Date/Time & Location

Thursday, October 10th from 5:30-6:30 PM in the Galleria South Room

Conveners

Wang-Ping Chen, China Univ. of Geosciences (Wuhan)
Yong Zheng, China Univ. of Geosciences (Wuhan)
Dun Wang, China Univ. of Geosciences (Wuhan)

Abstract

Sedimentary rocks and unconsolidated sediments are ubiquitous features near the Earth’s surface. While they contain invaluable resources to our society, the sedimentary layer often obscures key features that are essential for understanding how the Earth works as a whole at depth. 

For example, effects of this layer can simply manifest themselves as static corrections for travel-time tomography. However, in many cases, reverberations in this layer of low seismic speed overwhelm subtle signals upon which very popular techniques such as crustal receiver functions and other variants of receiver-side scattering rely. 

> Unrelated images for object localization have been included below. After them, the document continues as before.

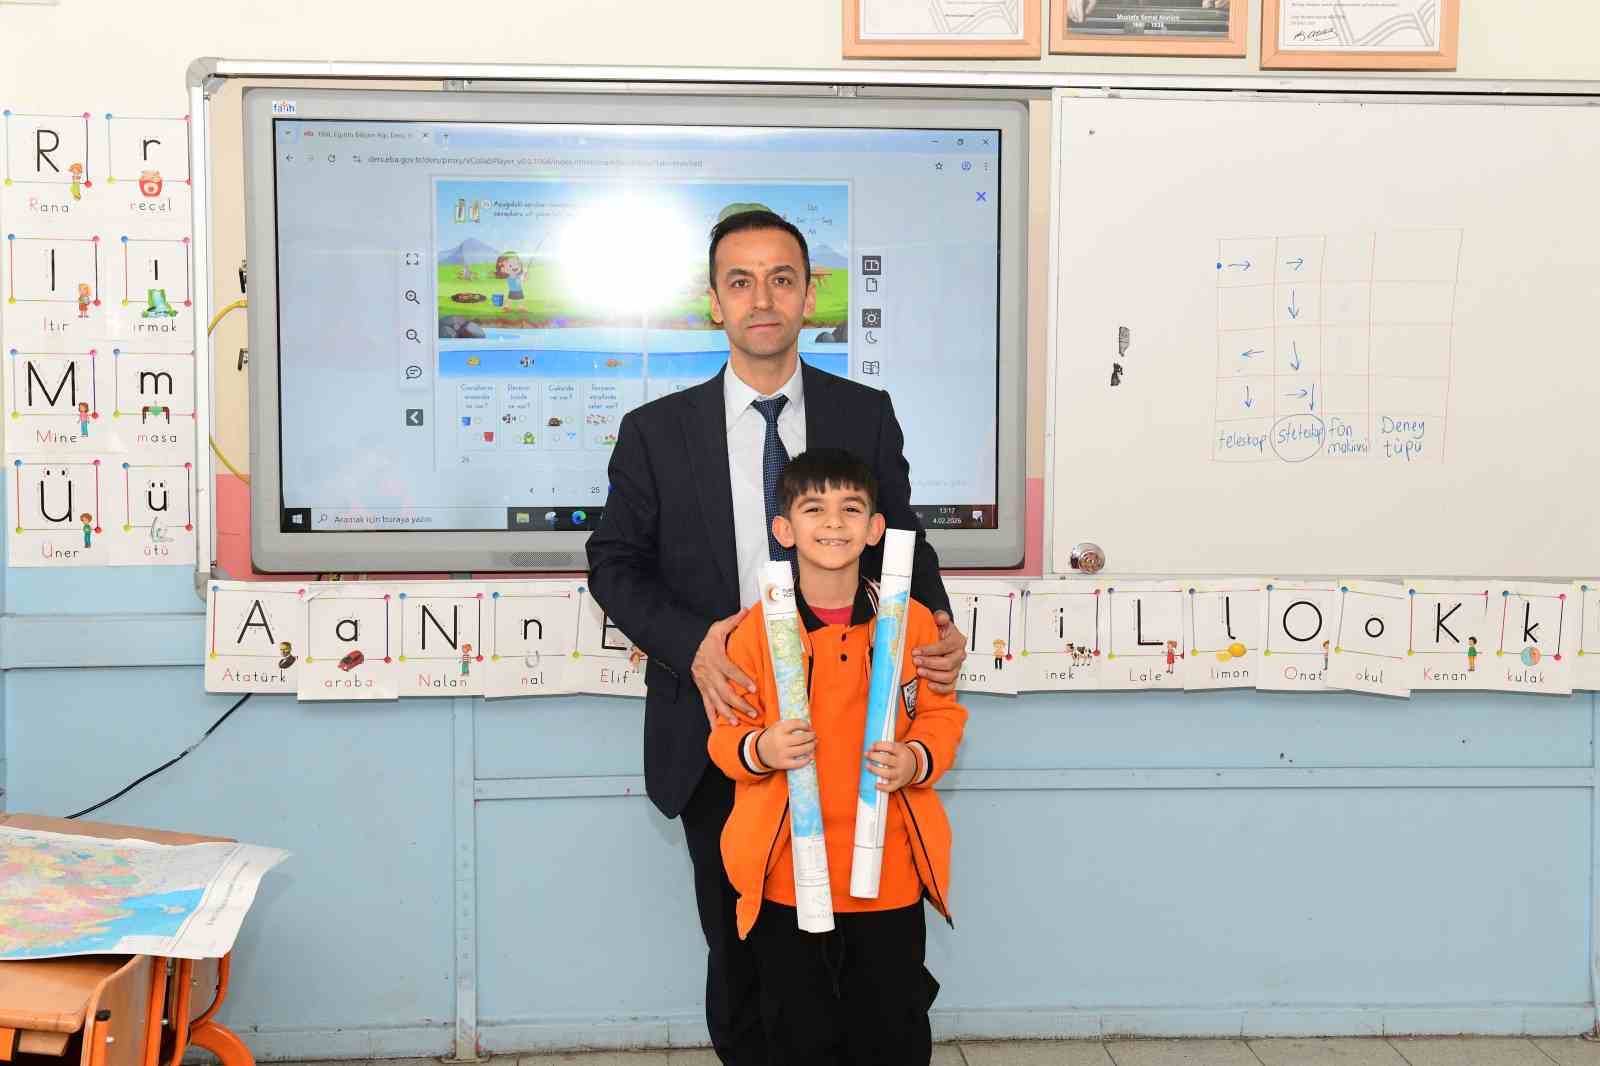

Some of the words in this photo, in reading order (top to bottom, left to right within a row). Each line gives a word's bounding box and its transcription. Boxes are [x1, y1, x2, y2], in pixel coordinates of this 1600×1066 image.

[36, 129, 60, 172] R
[143, 139, 161, 161] r
[28, 197, 71, 214] Rana
[27, 360, 76, 407] M
[140, 371, 173, 395] m
[35, 429, 79, 444] Mine
[136, 432, 178, 444] masa
[1382, 416, 1425, 440] Deney
[40, 469, 73, 523] Ü
[147, 482, 168, 512] ü
[237, 599, 275, 645] A
[335, 619, 359, 642] a
[421, 604, 458, 650] N
[523, 618, 543, 640] n
[1058, 607, 1064, 639] i
[1137, 599, 1164, 646] L
[1282, 600, 1323, 642] O
[1364, 617, 1385, 638] o
[1435, 602, 1463, 644] K
[1523, 602, 1540, 643] k
[221, 667, 289, 683] Atatürk
[324, 673, 374, 689] araba
[417, 673, 468, 689] Nalan
[520, 673, 545, 686] nal
[600, 668, 631, 685] Elif
[1045, 667, 1075, 681] inek
[1129, 666, 1163, 682] Lale
[1210, 667, 1249, 680] limon
[1284, 666, 1323, 681] Onat
[1355, 668, 1385, 684] okul
[1423, 667, 1468, 681] Kenan
[1507, 670, 1545, 684] kulak

In this SIG, we propose to invite a small number of speakers who have developed methods to alleviate this problem to give short presentations. The larger goal is to brainstorm other novel approaches not only to circumvent this problem but also to take advantage of properties of the sedimentary layer to build our signal or to explore properties of this layer that lies in the critical zone of societal concern.